===== PROVIDED INFORMATION =====

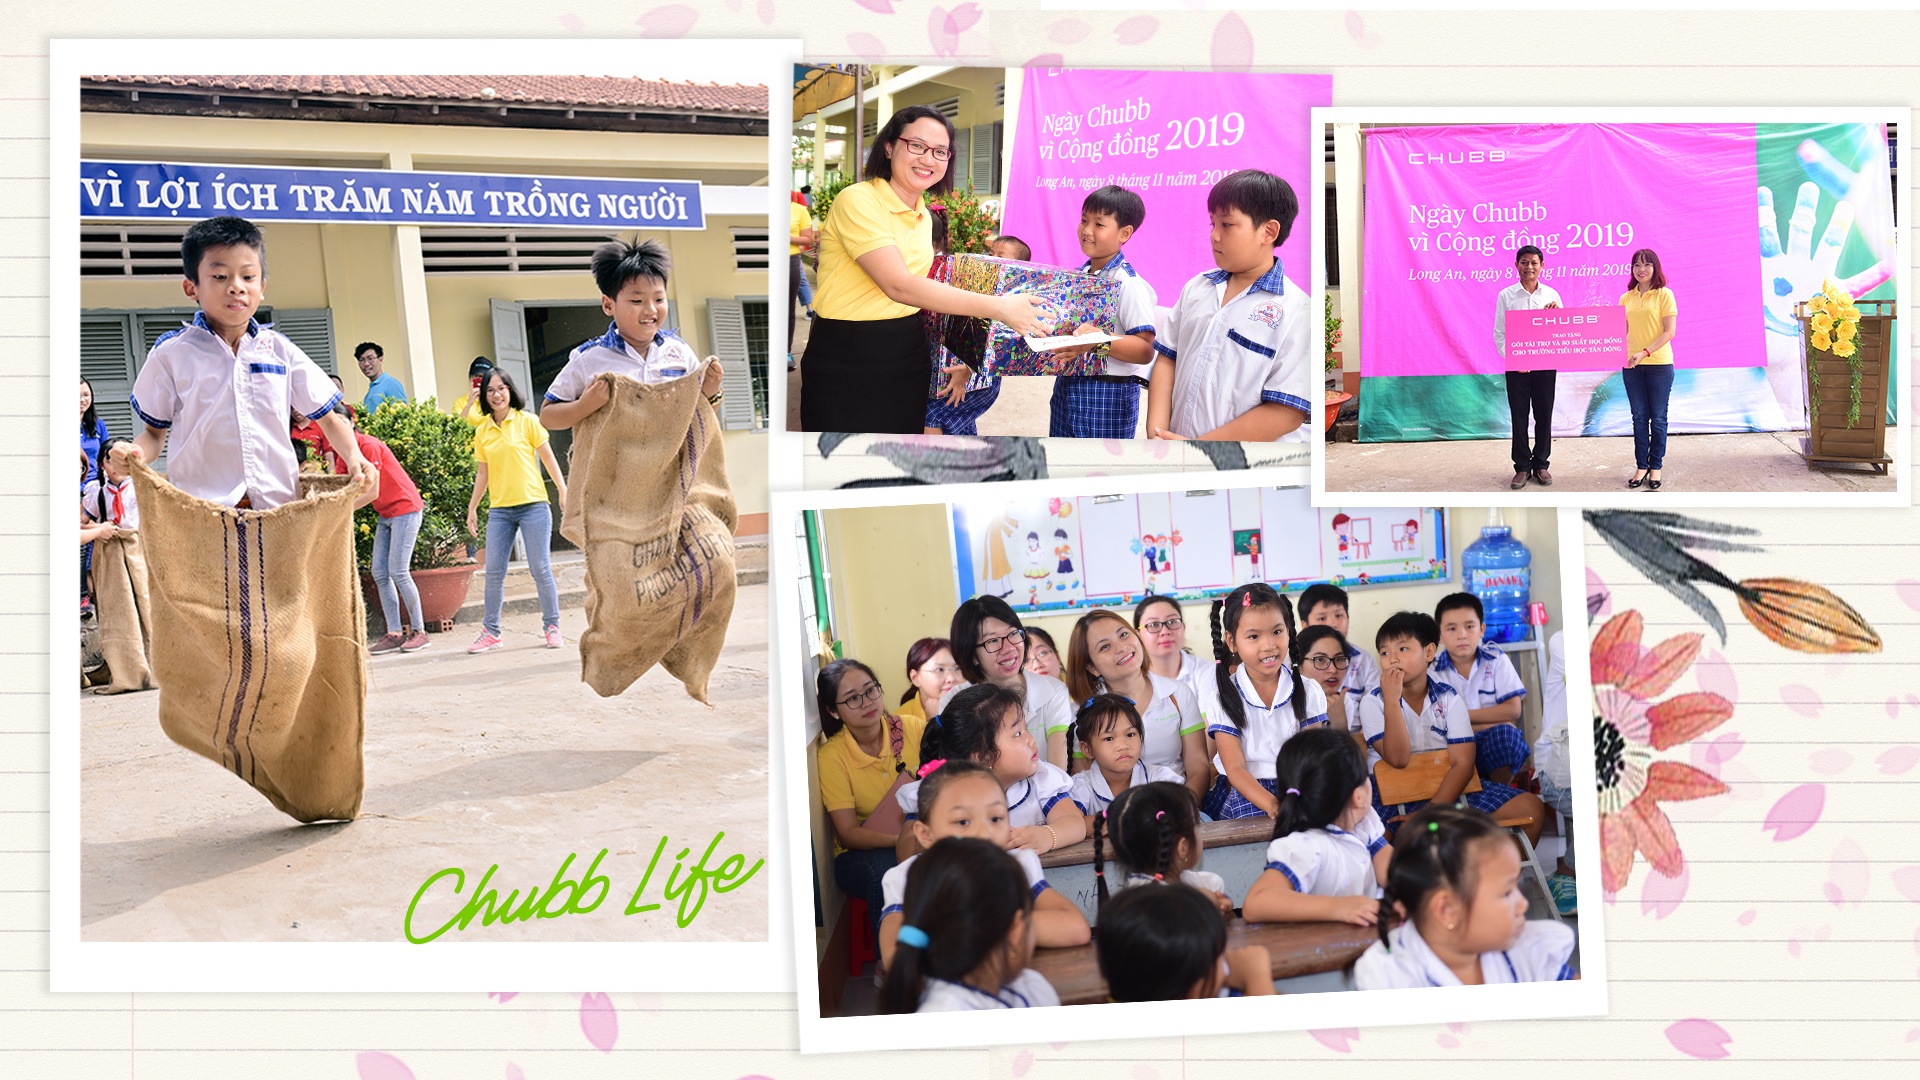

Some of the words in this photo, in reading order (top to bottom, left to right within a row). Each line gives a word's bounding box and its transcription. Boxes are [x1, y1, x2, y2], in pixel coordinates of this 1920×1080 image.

[1041, 111, 1083, 137] Ngày
[1087, 97, 1151, 128] Chubb
[1039, 140, 1055, 160] vì
[1057, 137, 1104, 164] Cộng
[1107, 127, 1160, 159] đồng
[1164, 111, 1246, 151] 2019
[1408, 150, 1506, 165] CHUBB
[80, 169, 124, 208] VÌ
[136, 176, 202, 216] LỢI
[211, 172, 279, 211] ÍCH
[288, 178, 393, 214] TRĂM
[400, 181, 476, 216] NĂM
[483, 179, 592, 218] TRỒNG
[598, 186, 689, 221] NGƯỜI
[1035, 175, 1059, 191] Long
[1059, 175, 1076, 189] An,
[1078, 174, 1106, 191] ngày
[1106, 174, 1115, 187] 8
[1116, 172, 1151, 191] tháng
[1151, 172, 1164, 187] 11
[1165, 170, 1197, 186] năm
[1408, 204, 1466, 229] Ngày
[1472, 200, 1547, 224] Chubb
[1408, 231, 1429, 252] vì
[1436, 231, 1496, 257] Cộng
[1502, 225, 1560, 255] đồng
[1565, 222, 1635, 249] 2019
[1408, 268, 1442, 283] Long
[1443, 268, 1467, 282] An,
[1470, 267, 1502, 283] ngày
[1504, 266, 1513, 280] 8
[1556, 265, 1567, 278] 11
[1569, 264, 1599, 278] năm
[1601, 263, 1632, 277] 2019
[1532, 315, 1598, 326] CHUBB
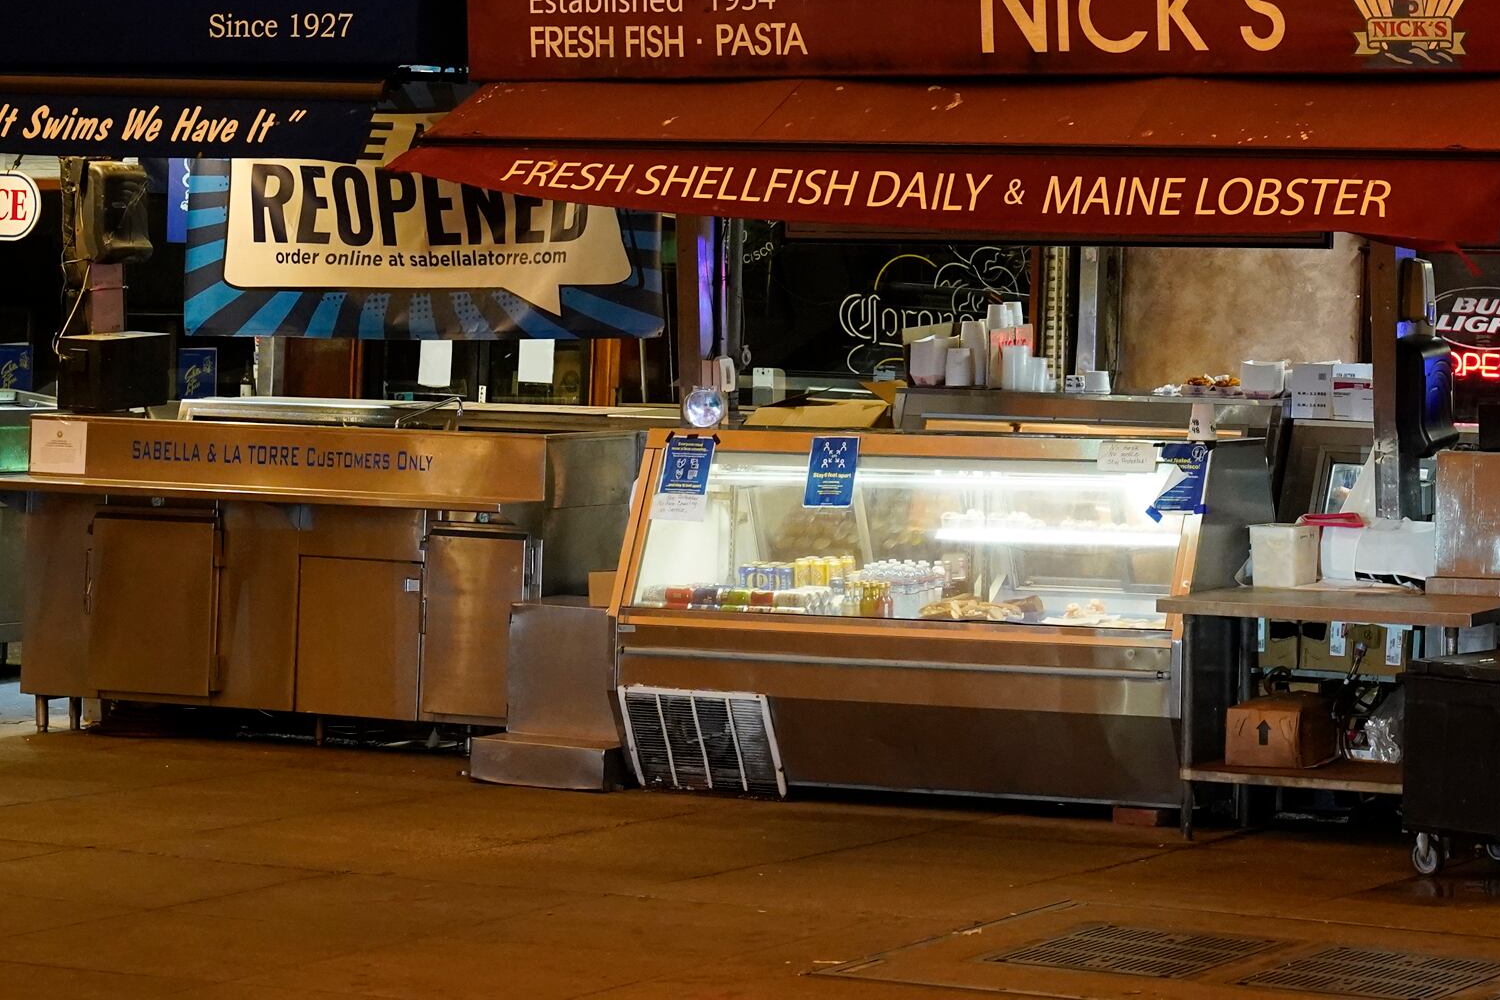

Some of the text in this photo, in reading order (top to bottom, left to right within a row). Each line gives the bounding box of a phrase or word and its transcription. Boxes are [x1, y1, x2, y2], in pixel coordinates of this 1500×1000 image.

[208, 13, 353, 38] Since 1927
[530, 23, 808, 58] FRESH FISH PASTA
[1372, 20, 1448, 38] NICK'S
[22, 104, 113, 141] Swims
[121, 105, 163, 142] We
[170, 106, 239, 143] Have
[500, 160, 1391, 218] FRESH SHELLFISH DAILY & MAINE LOBSTER
[251, 163, 589, 246] REOPENED
[275, 249, 567, 268] order online at sabellalatorre.com
[132, 440, 200, 462] SABELLA
[207, 444, 217, 463] &
[223, 444, 241, 465] LA
[248, 445, 299, 466] TORRE
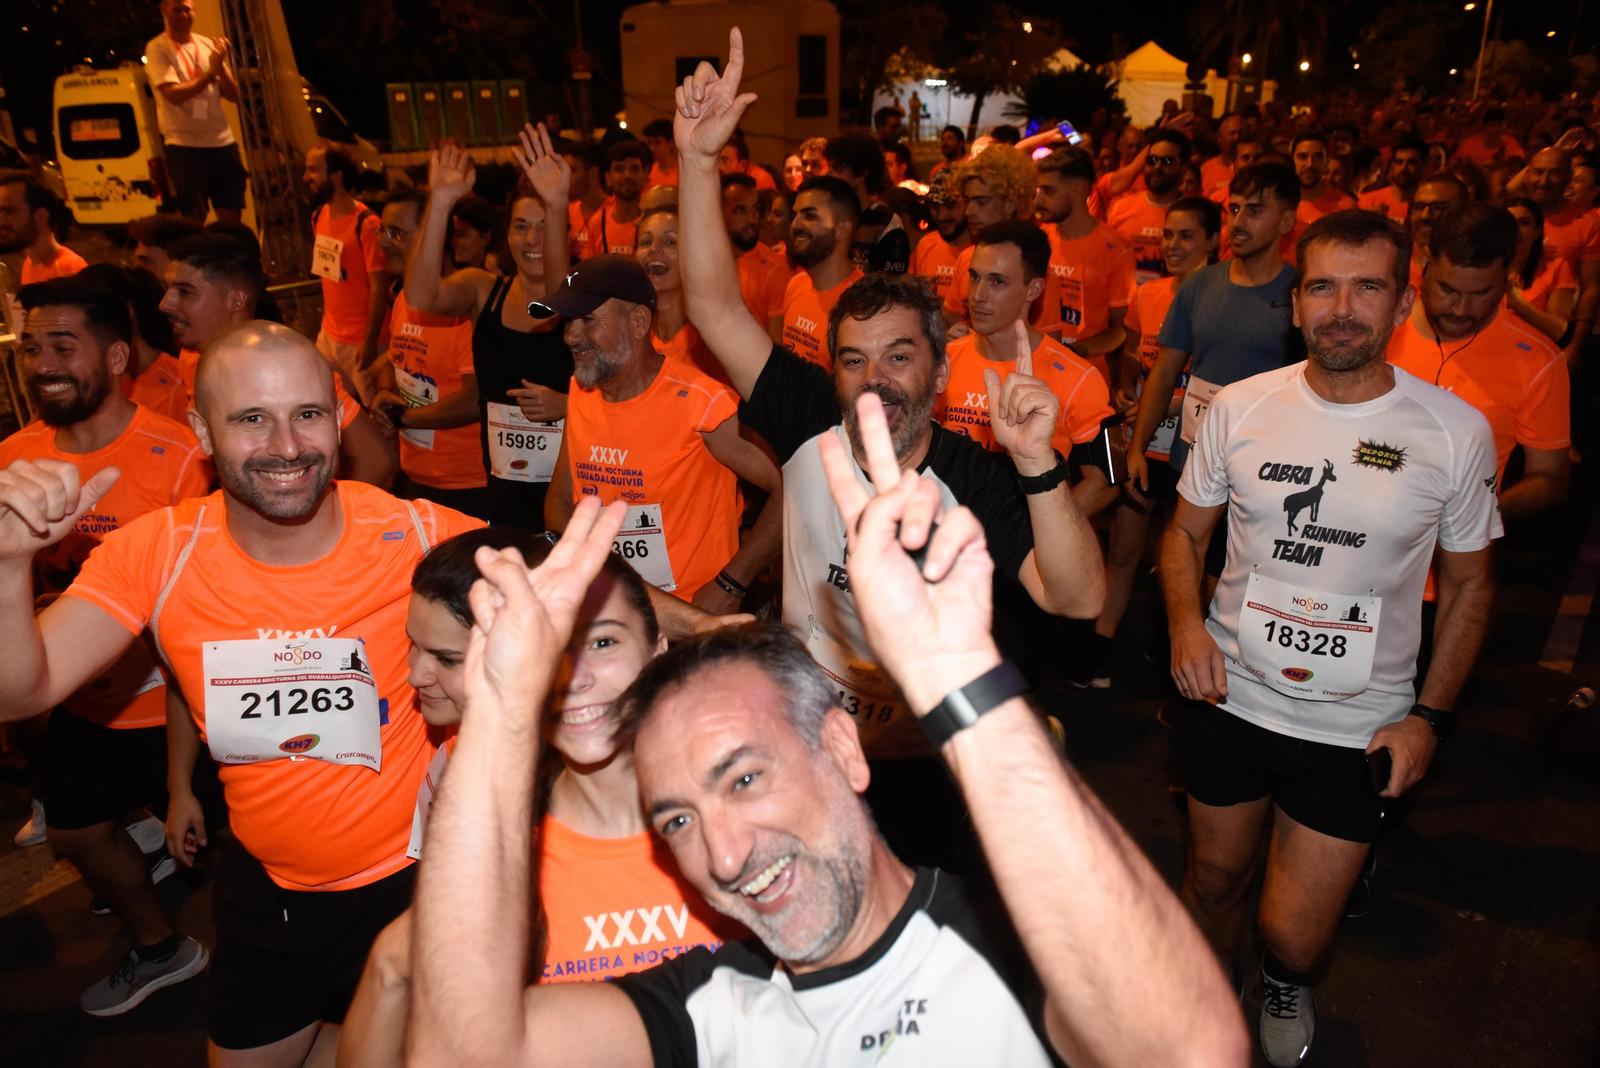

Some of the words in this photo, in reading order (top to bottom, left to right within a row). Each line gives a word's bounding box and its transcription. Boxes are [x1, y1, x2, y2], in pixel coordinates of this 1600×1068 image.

[401, 322, 424, 338] XXXV
[795, 315, 818, 333] XXXV
[963, 392, 989, 409] XX
[945, 406, 977, 416] CARRERA
[949, 414, 991, 427] GUADAL
[589, 445, 629, 466] XXXV
[1360, 447, 1399, 460] DEPORTE
[1363, 456, 1393, 466] MANIA
[576, 461, 602, 472] CARRERA
[605, 466, 643, 477] NOCTURNA
[1258, 462, 1314, 485] CABRA
[580, 470, 644, 487] GUADALQUIVIR
[79, 514, 117, 522] OCTURNA
[1301, 524, 1367, 548] RUNNING
[1272, 539, 1324, 567] TEAM
[1264, 620, 1347, 658] 18328
[240, 686, 354, 719] 21263
[336, 752, 374, 763] Cruzcampo
[583, 903, 689, 952] XXXV
[542, 954, 624, 978] CARRERA

=====

Reproduce all of the data exactly, omitting each picture it holds.

Some of the words in this photo, in reading order (top to bottom, left to right within a row). Each line gives a word's bounding box and its transcription. Boxes are [x1, y1, x2, y2], in pixel coordinates of this 1920×1080 image.

[1041, 111, 1083, 137] Ngày
[1087, 97, 1151, 128] Chubb
[1039, 140, 1055, 160] vì
[1057, 137, 1104, 164] Cộng
[1107, 127, 1160, 159] đồng
[1164, 111, 1246, 151] 2019
[1408, 150, 1506, 165] CHUBB
[80, 169, 124, 208] VÌ
[136, 176, 202, 216] LỢI
[211, 172, 279, 211] ÍCH
[288, 178, 393, 214] TRĂM
[400, 181, 476, 216] NĂM
[483, 179, 592, 218] TRỒNG
[598, 186, 689, 221] NGƯỜI
[1035, 175, 1059, 191] Long
[1059, 175, 1076, 189] An,
[1078, 174, 1106, 191] ngày
[1106, 174, 1115, 187] 8
[1116, 172, 1151, 191] tháng
[1151, 172, 1164, 187] 11
[1165, 170, 1197, 186] năm
[1408, 204, 1466, 229] Ngày
[1472, 200, 1547, 224] Chubb
[1408, 231, 1429, 252] vì
[1436, 231, 1496, 257] Cộng
[1502, 225, 1560, 255] đồng
[1565, 222, 1635, 249] 2019
[1408, 268, 1442, 283] Long
[1443, 268, 1467, 282] An,
[1470, 267, 1502, 283] ngày
[1504, 266, 1513, 280] 8
[1556, 265, 1567, 278] 11
[1569, 264, 1599, 278] năm
[1601, 263, 1632, 277] 2019
[1532, 315, 1598, 326] CHUBB

Some of the text in this photo, in reading order (top to bottom, left to right within a row). Each line gives the bounding box of a phrase or word and its transcription. Boxes are [x1, y1, x2, y2], in pixel coordinates of this 1500×1000 image.

[208, 13, 353, 38] Since 1927
[530, 23, 808, 58] FRESH FISH PASTA
[1372, 20, 1448, 38] NICK'S
[22, 104, 113, 141] Swims
[121, 105, 163, 142] We
[170, 106, 239, 143] Have
[500, 160, 1391, 218] FRESH SHELLFISH DAILY & MAINE LOBSTER
[251, 163, 589, 246] REOPENED
[275, 249, 567, 268] order online at sabellalatorre.com
[132, 440, 200, 462] SABELLA
[207, 444, 217, 463] &
[223, 444, 241, 465] LA
[248, 445, 299, 466] TORRE

Some of the words in this photo, in reading order (top to bottom, left to right within a row). Each line gives a word's bounding box and its transcription. Boxes are [x1, y1, x2, y2], in pixel coordinates of this 1600×1068 image.

[401, 322, 424, 338] XXXV
[795, 315, 818, 333] XXXV
[963, 392, 989, 409] XX
[945, 406, 977, 416] CARRERA
[949, 414, 991, 427] GUADAL
[589, 445, 629, 466] XXXV
[1360, 447, 1399, 460] DEPORTE
[1363, 456, 1393, 466] MANIA
[576, 461, 602, 472] CARRERA
[605, 466, 643, 477] NOCTURNA
[1258, 462, 1314, 485] CABRA
[580, 470, 644, 487] GUADALQUIVIR
[79, 514, 117, 522] OCTURNA
[1301, 524, 1367, 548] RUNNING
[1272, 539, 1324, 567] TEAM
[1264, 620, 1347, 658] 18328
[240, 686, 354, 719] 21263
[336, 752, 374, 763] Cruzcampo
[583, 903, 689, 952] XXXV
[542, 954, 624, 978] CARRERA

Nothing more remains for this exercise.